Thank you, baby jesus

for the community free of minorities

and forward thinking

for the streets free of gang violence

for the jehovah's witness even

and the evangelists

thank you for putting the shame on

all those unwed and/or single mothers,

those people with the weak-minded mental illnesses

and the ghastly homosexuals

in general, just thank you so much

for putting a clamp down

on all the SEX stuff

I didn't know what my period was

until I got it one day in gym

that kinda sucked

but thank you

and maybe while you were hiding

all the dildos and other adult fun

you could have taught the old people

not to stick their fingers and whatnot

in the young people

that would have been nice
but oh well

maybe that's why Joe's uncle

is also his dad

I never met anyone conceived from incest before


thank you, baby jesus

and thank you for teaching the parents to beat their children

spare the rod, spoil the child!

Susie never would have developed that limp otherwise

it's only about fifty feet from the bar to the motel anyway

I know.
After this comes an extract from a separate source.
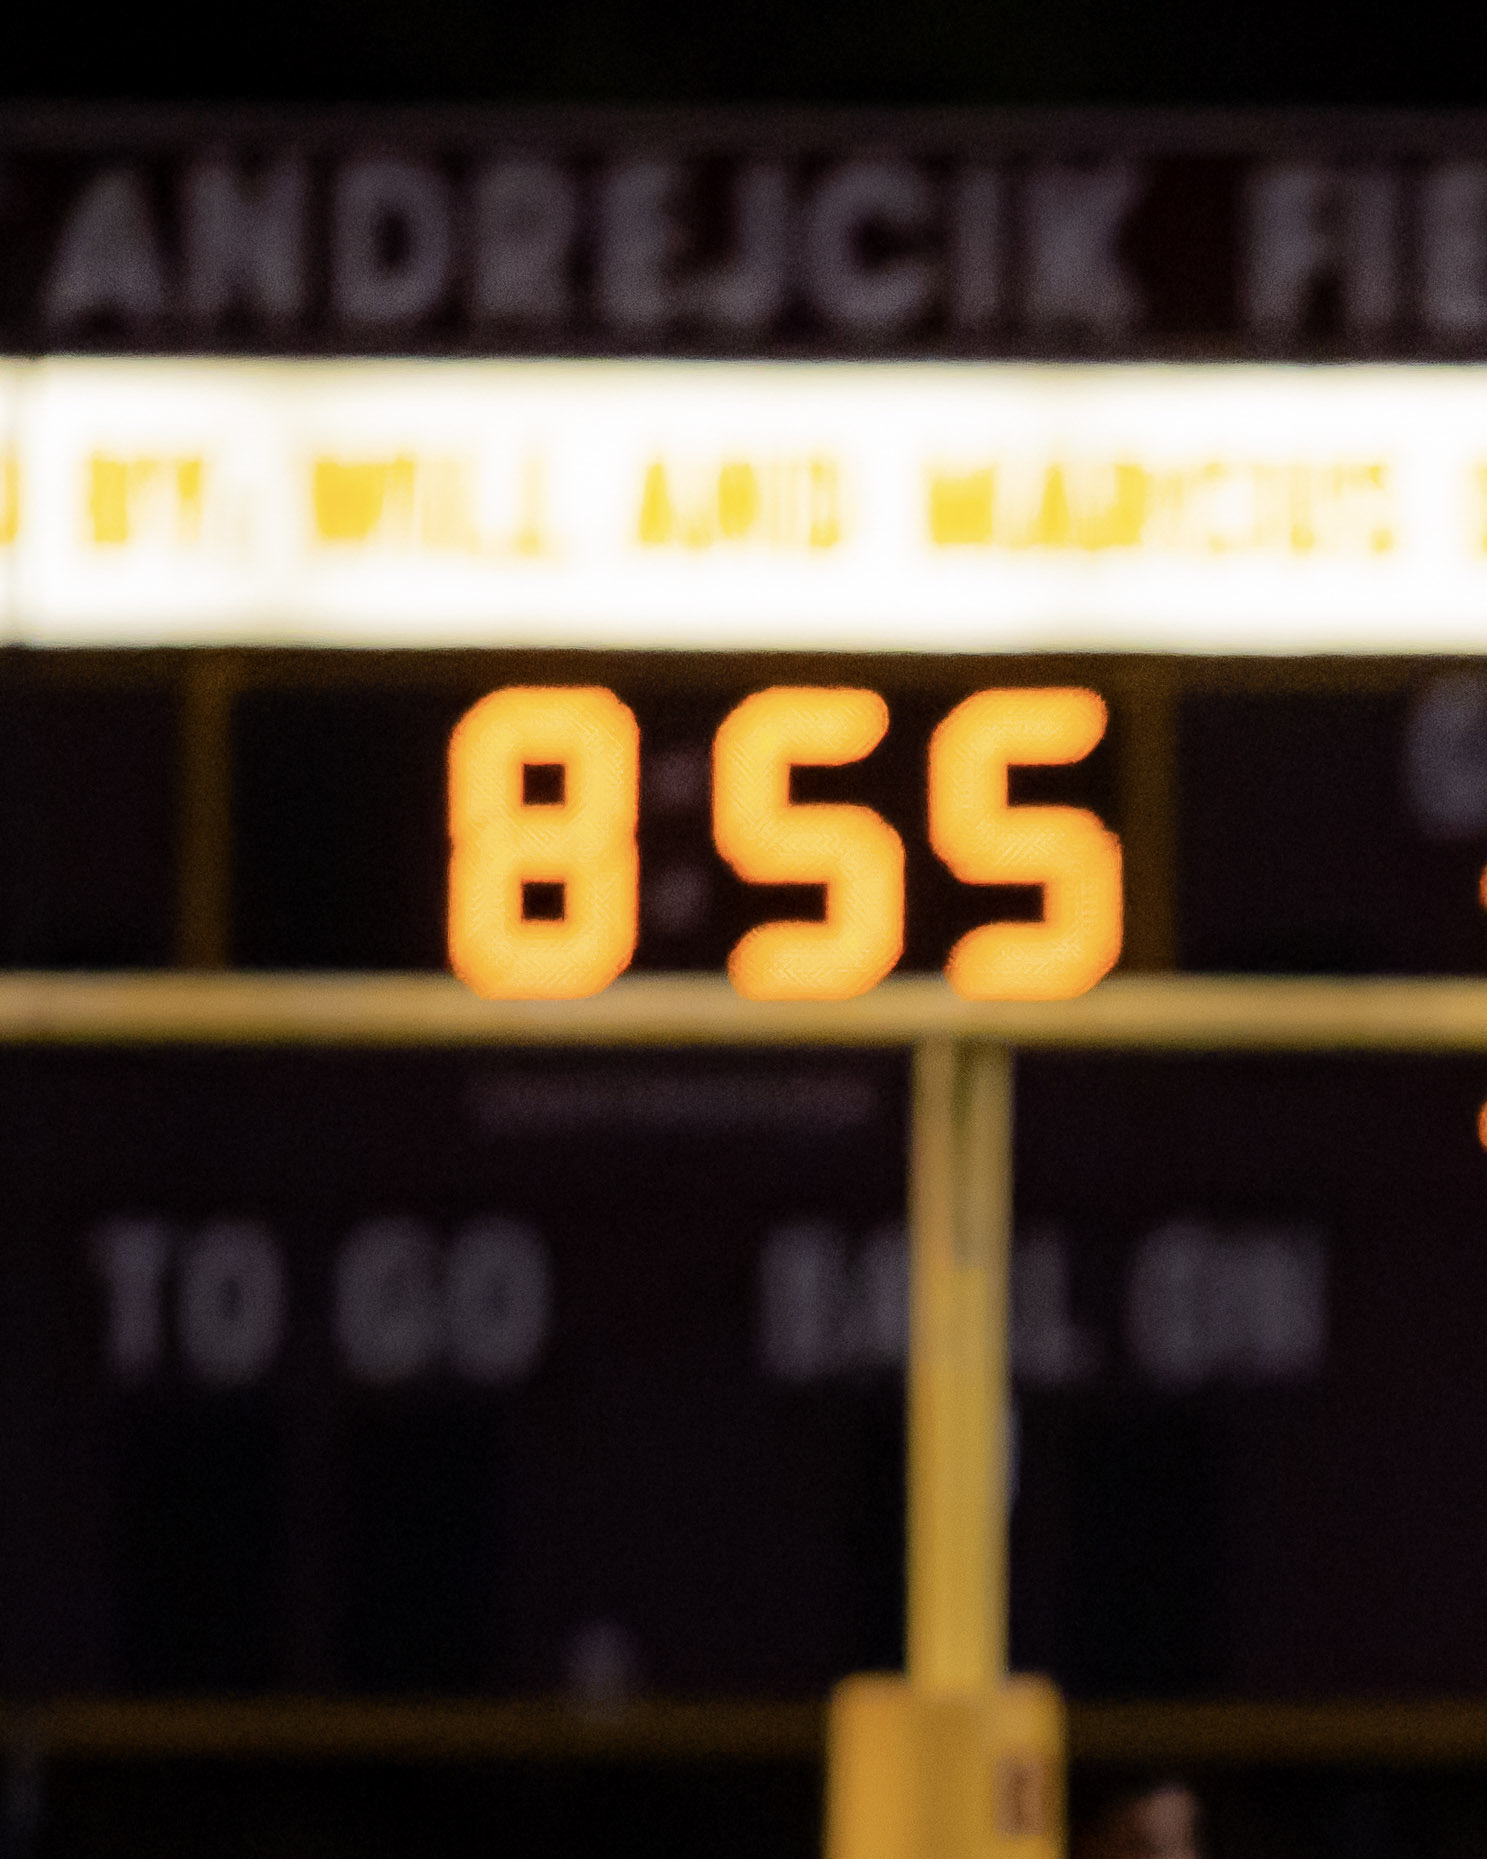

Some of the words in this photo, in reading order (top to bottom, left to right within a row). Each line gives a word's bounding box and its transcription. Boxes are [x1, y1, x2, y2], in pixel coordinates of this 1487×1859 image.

I know

some people want to give all the credit to Satan


the Devil


he's busy with wars


and shit

he wants the glory of all those big fatality numbers

you.. you are oh so patient

killing them softly and gently

with shitty lives contrived of stifling rules...

call it morality!

Shame, shame

the bent and twisted

call it love


I want you to have all the credit

saving us all from the fires of hell

I can pray to you for forgiveness

I can pray to you for the Friday night football game

we can all join hands and pray pray pray

then sing the star spangled banner

oh, thank you, baby jesus

for making me an American

thank you for making us better

than every other nation in the world

so what if we drop in rankings

in education

economic freedom

global competitiveness

and innovation

we are responsible for FACEBOOK

Honey Boo Boo

and taco shells made out of Doritos!

this is all thanks to you, baby jesus

taking the time to give us all some


(that's what the reverend said)

personality suppression to the point of psychosis!

Tea Parties – Yay!

I have more rights to my guns

than my own body!!

sweet baby jesus

thank you for

Women that know their place

in dresses

in kitchens

in the delivery room

children, children, children

let's have more babies, baby jesus!

Every last one of them precious

until they learn to breathe

in the polluted

but free as all fuck

liberty-laced air




  1. This is so powerful Michele! The images, emotions, tastes, smells, are "spot on"! Absolutely loved it.

  2. Wonderful irreverence!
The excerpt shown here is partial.